Entschleunigung, Selbstliebe, Gesundheit – das sind Themen, mit denen sich viele junge Menschen in den sozialen Netzwerken aktuell gern auseinandersetzen. Dass Bianca Heinickes neuer Content auf Zustimmung trifft, ist also nicht verwunderlich. Natürlich könnte man sich auch die Frage stellen, was wodurch beeinflusst wurde: die Veränderung der Schwerpunkte auf Social-Media oder die Wandlung von Bianca Heinicke. Eine Tatsache ist jedoch, dass die Influencerin, genau wie die anderen „Sinnfluencer“, für mehr Sinnhaftigkeit und Substanz auf Instagram & Co. sorgt.

Sind “Sinnfluencer” automatisch Expert*innen?

Menschen, die Themen wie Psychologie, Ethik oder Philosophie studiert haben, oder eine Ausbildung in diesen Bereichen genossen haben, können natürlich Themen besser und fundierter erklären und verdienen zudem einen Vertrauensvorschuss, Quelle: Unsplash

Zunächst kann man diese Entwicklung nur gutheißen. Es ist vielversprechend, wenn sich Creator*innen und Nutzer*innen eher mit tiefgründigen als mit oberflächlichen Themen beschäftigen.
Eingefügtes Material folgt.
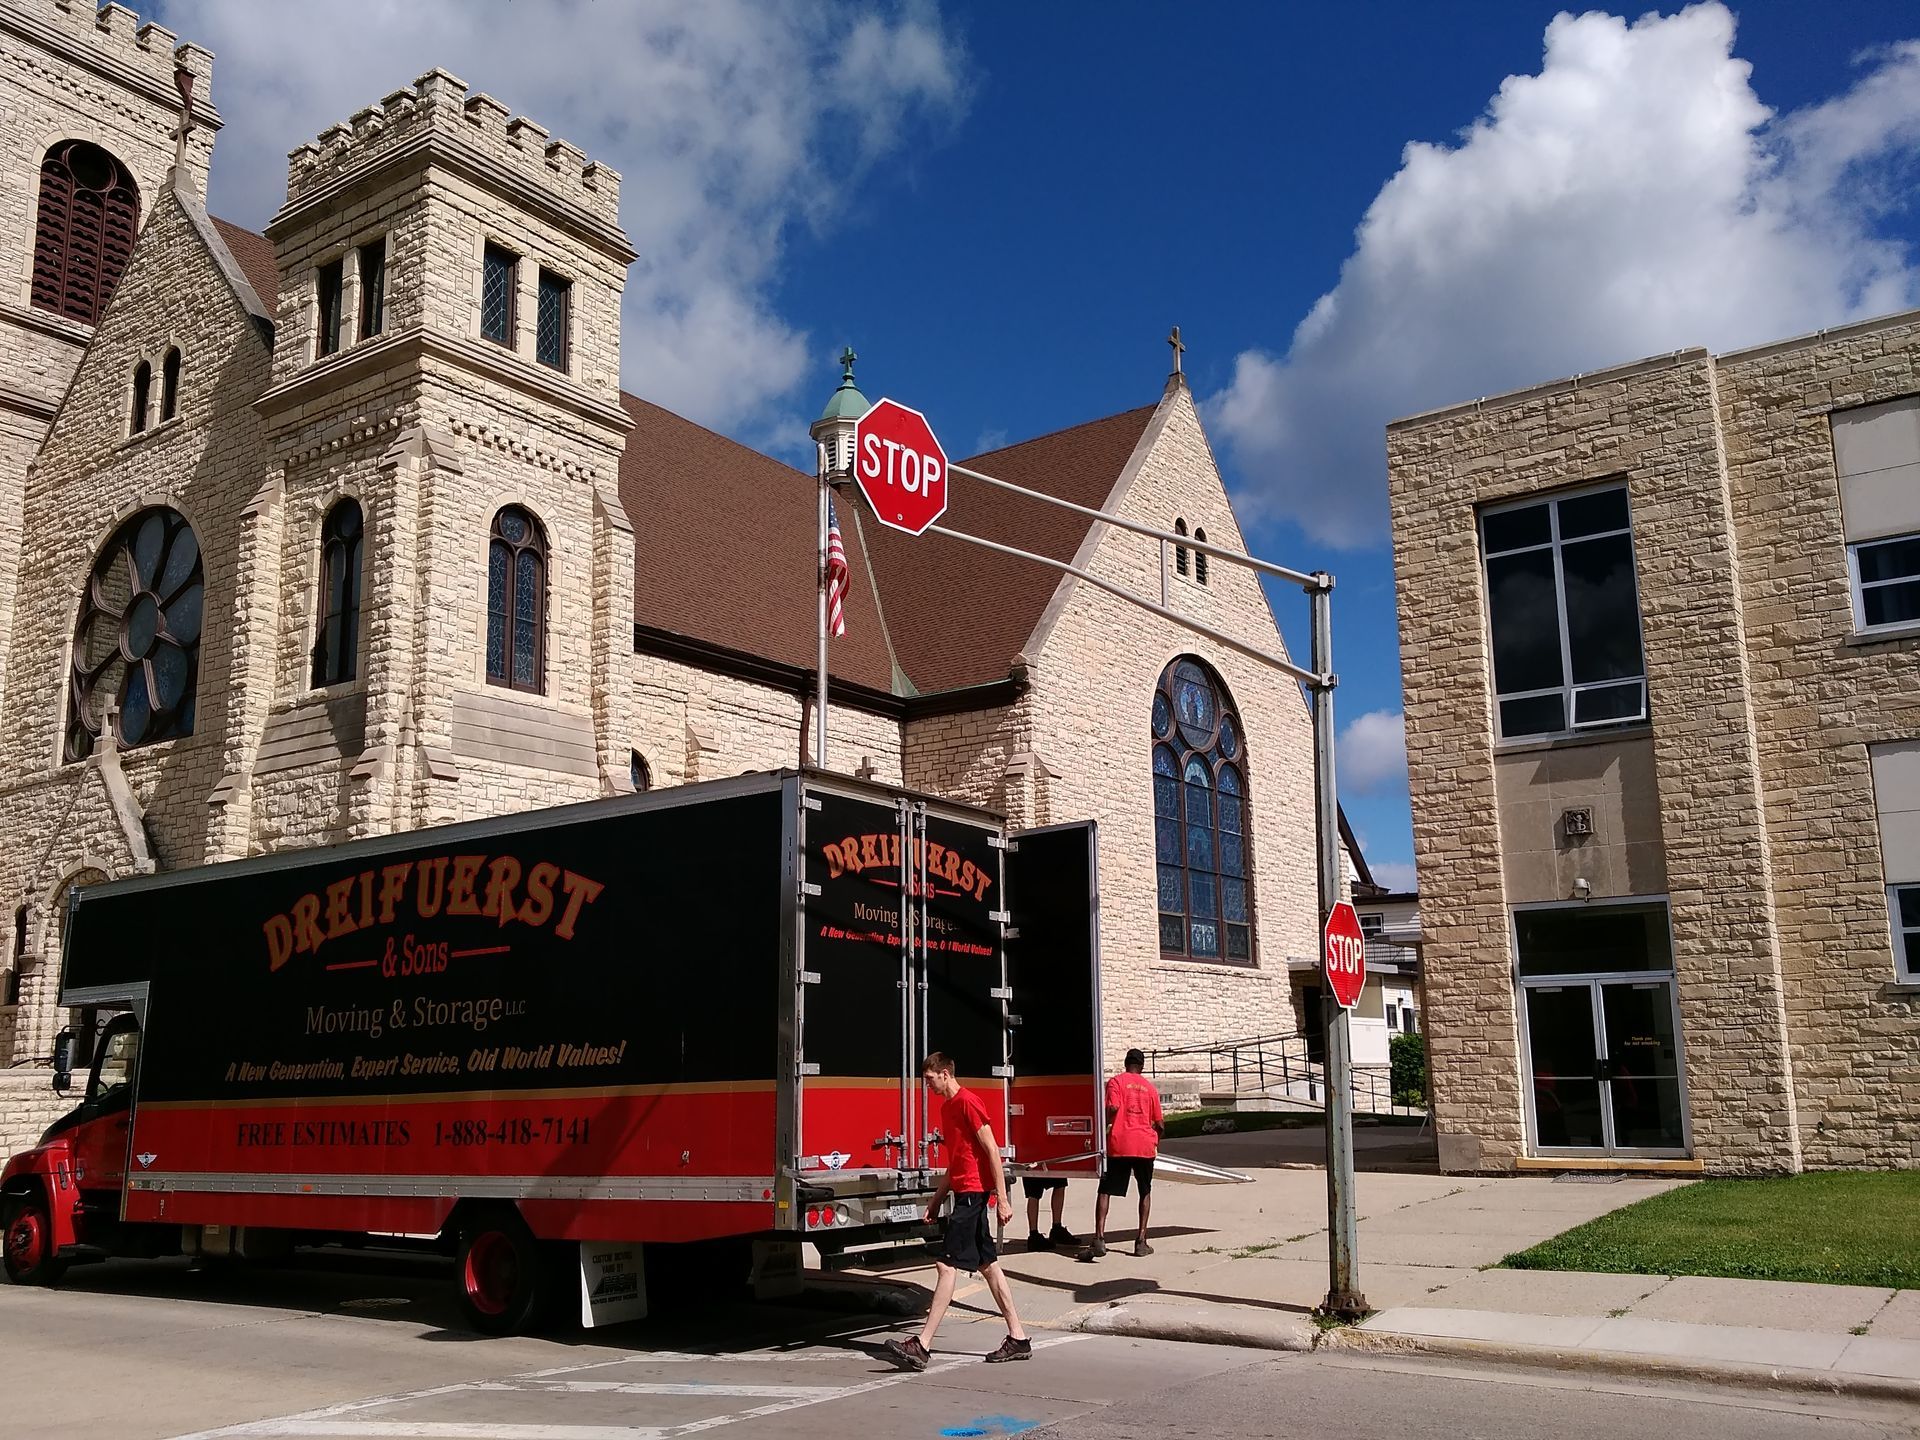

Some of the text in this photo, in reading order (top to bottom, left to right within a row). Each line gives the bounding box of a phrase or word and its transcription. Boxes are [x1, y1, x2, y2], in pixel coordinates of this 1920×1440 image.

Jedoch wird es dann gefährlich, wenn „Sinnfluencer” Themen propagandieren, die eine gewisse Expertise benötigen, die ihnen aber im schlimmsten Fall fehlt.

Beispielsweise sollte Meditation richtig und ausführlich erklärt werden, da dabei in seltenen Fällen schwere psychische Nebenwirkungen auftreten können. Im besten Fall sollte jemand, der im Netz zu Meditation aufruft, also eine Weiterbildung auf dem Gebiet gemacht haben oder sich anderswo die nötigen Kenntnisse angeeignet haben.

Auch gesellschaftspolitische Themen, die die Gemüter erhitzen und die Meinungen stark spalten, sollten richtig und wissenschaftlich fundiert erklärt werden. Beispielsweise zum Thema Veganismus gibt es Expert*innen, die studiert haben, sich jahrelang dazu informiert und darüber geforscht haben. Kann ein TikTok-Video einem Laien eine gleichwertige Aufklärung wie ein Buch oder eine Vorlesung leisten?

Generell ist es sicherlich immer richtig, dazu aufzurufen, an sich selbst zu arbeiten und sich mit prekären Themen auseinanderzusetzen. Allerdings ist beim Konsum dieser Inhalte wichtig, sich vor Augen zu führen, wer die Person hinter der Kamera ist und was sie zum/zur Experten/in macht.
Bianca Heinicke hat mit ihrem neuen Fokus einen Weg gefunden, selbst glücklicher mit ihrem Beruf zu leben und einen Weg gefunden, ihre Reichweite sinnvoll zu nutzen und das aktuelle starke Bedürfnis nach Sinn und Orientierung zu stillen.

Quellen:

Kamisli, Y. und Szorek, T. (03. Januar 2024): Wie Fans und Promis auf den Wandel von Youtube-Star Bibi reagieren. Rheinische Post. URL: https://rp-online.de/panorama/leute/bibis-beauty-palace-comeback-influencerin-ueberrascht-zu-neujahr_aid-104357117 [Aufgerufen am 03.12.2024].

Kutil, M. (06. November 2024): Sinnfluencer – Was steckt hinter dem Begriff? Intermate. URL: https://www.intermate.de/magazine/sinnfluencer—was-steckt-hinter-dem-begriff [Aufgerufen am 03.12.2024].

Huber. L. (19.März 2024): Krank durch Meditation? tagesschau. URL: https://www.tagesschau.de/investigativ/swr/meditation-risiken-nebenwirkungen-100.html [Aufgerufen am 03.12.2024].

Pallinger, J. (31. Mai 2022): Wie Influencer auf Sozialen Medien nach neuem Sinn suchen. Der Standard. URL: https://www.derstandard.at/story/2000135852787/wie-influencer-auf-sozialen-medien-nach-neuem-sinn-suchen [Aufgerufen am 03.12.2024].

Sommer, D. (Baden-Baden, 2019). Uses and Gratifications. (1. Aufl.) in “Konzepte. Ansätze der Medien- und Kommunikationswissenschaft. Band 23.